Te lo explicaré todo si vienes a mi despacho. —Miró a Harry y vio que estaba despierto,
pero añadió: Me temo que no puedo consentir que interrogues a Harry esta noche.
La sorprendente sonrisa de Fudge no había desaparecido. También él miró a Harry;
luego volvió la vista a Dumbledore, y dijo:
—¿Eh... estás dispuesto a aceptar su testimonio, Dumbledore?
Hubo un instante de silencio, roto por el grañido de Sirius. Se le habían erizado los
pelos del lomo, y enseñaba los dientes a Fudge.
—Desde luego que lo acepto —respondió Dumbledore, con un fulgor en los
ojos—. He oído la confesión de Crouch y he oído el relato de Harry de lo que ocurrió
después de que tocara la Copa: las dos historias encajan y explican todo lo sucedido
desde que el verano pasado desapareció Bertha Jorkins.
Fudge conservaba en la cara la extraña sonrisa. Volvió a mirar a Harry antes de
responder:
—¿Vas a creer que ha retornado lord Voldemort porque te lo dicen un loco asesino
y un niño que...? Bueno...
Le dirigió a Harry otra mirada, y éste comprendió de pronto.
—Señor Fudge, ¡usted ha leído a Rita Skeeter! —dijo en voz baja.
Ron, Hermione, Bill y la señora Weasley se sobresaltaron: ninguno se había dado
cuenta de que Harry estaba despierto.
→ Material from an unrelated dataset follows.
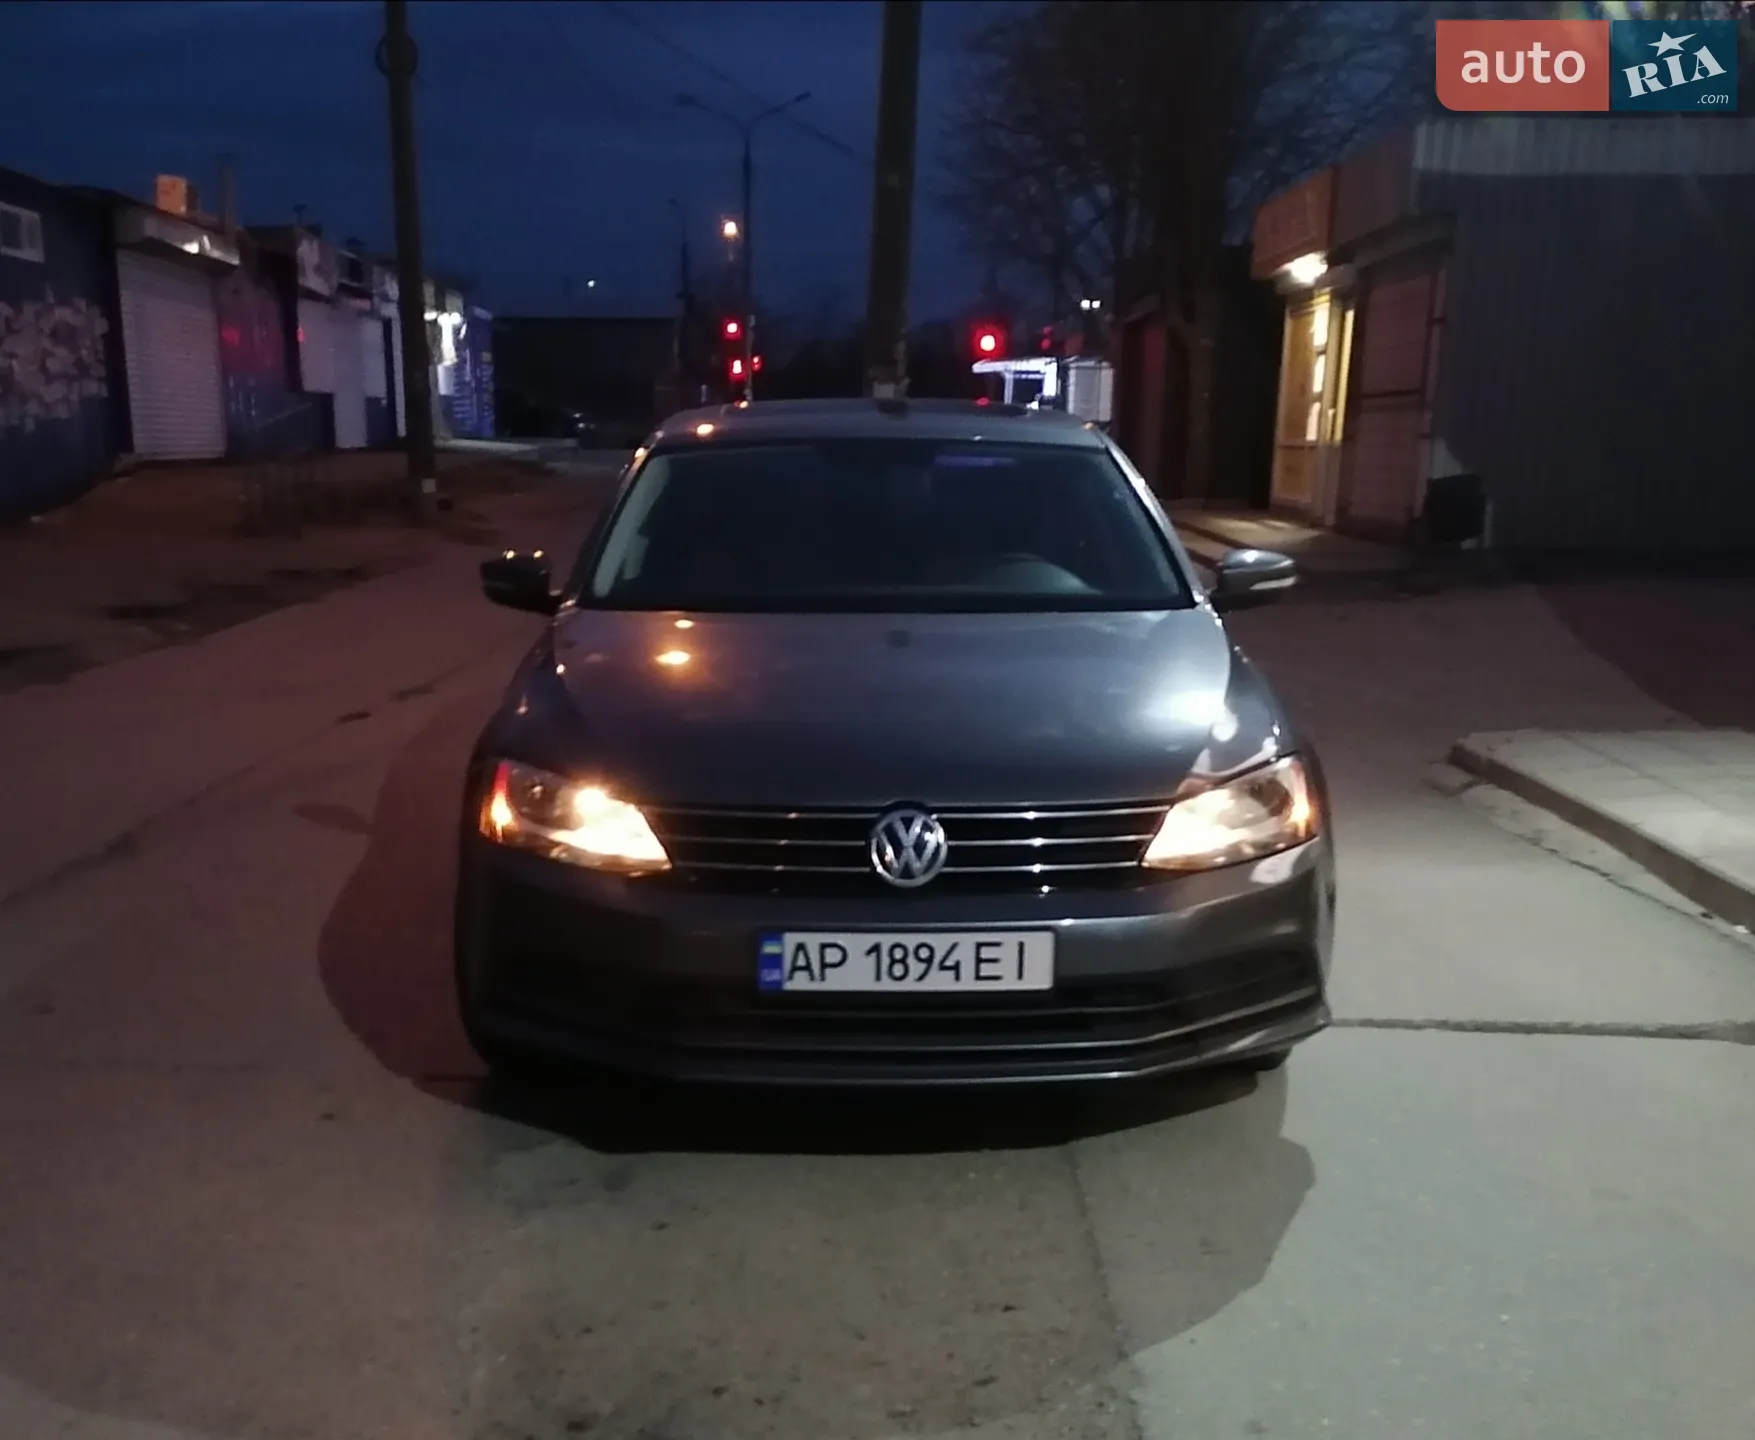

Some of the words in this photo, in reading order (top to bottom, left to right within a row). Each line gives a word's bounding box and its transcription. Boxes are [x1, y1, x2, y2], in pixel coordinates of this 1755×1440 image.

[787, 941, 848, 982] AP
[864, 941, 962, 982] 1894
[973, 941, 1026, 981] EI
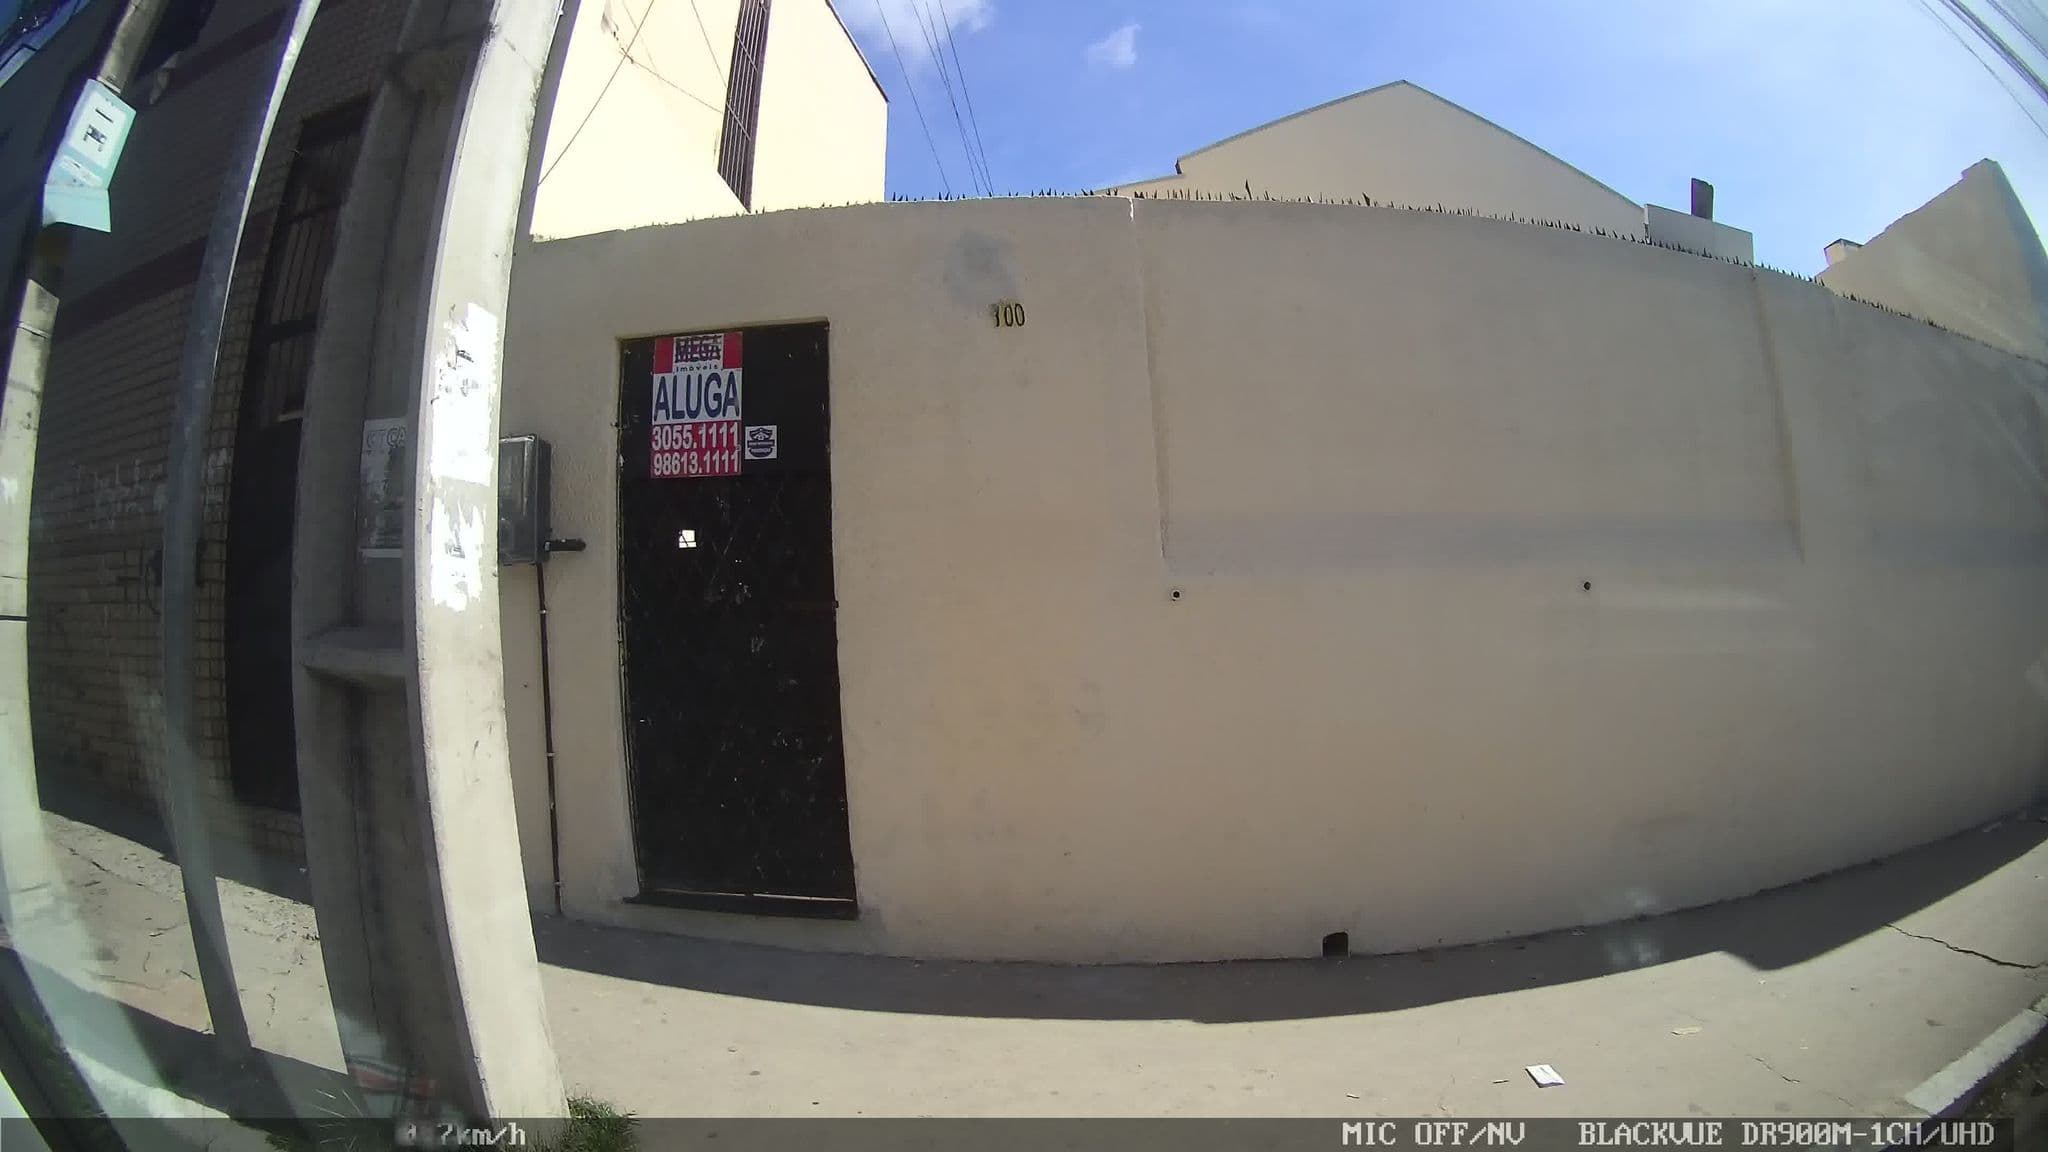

Fudge enrojeció un poco, pero su rostro adquirió
una expresión obstinada y desafiante.
—¿Y qué si lo he hecho? —soltó, dirigiéndose a Dumbledore—. ¿Qué pasa si he
descubierto que hasestado ocultando ciertos hechos relativos a este niño? Conque habla
pársel, ¿eh? ¿Y conque monta curiosos numeritos por todas partes?
—Supongo que te refieres a los dolores de la cicatriz —dijo Dumbledore con
frialdad.
—¿O sea que admites que ha tenido dolores? —replicó Fudge—. ¿Dolores de
cabeza, pesadillas? ¿Tal vez... alucinaciones?
—Escúchame, Cornelius —dijo Dumbledore dando un paso hacia Fudge, y volvió
a irradiar aquella indefinible fuerza que Harry había percibido en él después de que
había aturdido al joven Crouch—. Harry está tan cuerdo como tú y yo. La cicatriz que
tiene en la frente no le ha reblandecido el cerebro. Creo que le duele cuando lord
Voldemort está cerca o cuando se siente especialmente furioso.
Fudge retrocedió medio paso para separarse un poco de Dumbledore, pero no cedió
en absoluto.
—Me tendrás que perdonar, Dumbledore, pero nunca había oído que una cicatriz
actúe de alarma...
—¡Mire, he presenciado el retorno de Voldemort! —gritó Harry. Intentó volver a
salir de la cama, pero la señora Weasley se lo impidió—. ¡He visto a los mortífagos!
¡Puedo darle los nombres! Lucius Malfoy...
Snape hizo un movimiento repentino; pero, cuando Harry lo miró, sus ojos estaban
puestos otra vez en Fudge.
—¡Malfoy fue absuelto! —dijo Fudge, visiblemente ofendido—. Es de una familia
de raigambre... y entrega donaciones para excelentes causas...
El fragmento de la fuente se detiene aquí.